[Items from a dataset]
++++++++++
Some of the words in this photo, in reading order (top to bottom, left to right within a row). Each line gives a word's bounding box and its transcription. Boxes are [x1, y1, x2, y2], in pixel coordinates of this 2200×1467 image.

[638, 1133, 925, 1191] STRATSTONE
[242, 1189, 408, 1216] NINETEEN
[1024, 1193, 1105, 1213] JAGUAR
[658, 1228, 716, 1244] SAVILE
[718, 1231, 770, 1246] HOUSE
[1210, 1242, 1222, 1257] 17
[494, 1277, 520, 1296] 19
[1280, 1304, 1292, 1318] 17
++++++++++
WHAT THE EXERCISE ASKS: Copy every entry exactly as it is given.

TASK ANSWER:
Some of the words in this photo, in reading order (top to bottom, left to right within a row). Each line gives a word's bounding box and its transcription. Boxes are [x1, y1, x2, y2], in pixel coordinates of this 2200×1467 image.

[638, 1133, 925, 1191] STRATSTONE
[242, 1189, 408, 1216] NINETEEN
[1024, 1193, 1105, 1213] JAGUAR
[658, 1228, 716, 1244] SAVILE
[718, 1231, 770, 1246] HOUSE
[1210, 1242, 1222, 1257] 17
[494, 1277, 520, 1296] 19
[1280, 1304, 1292, 1318] 17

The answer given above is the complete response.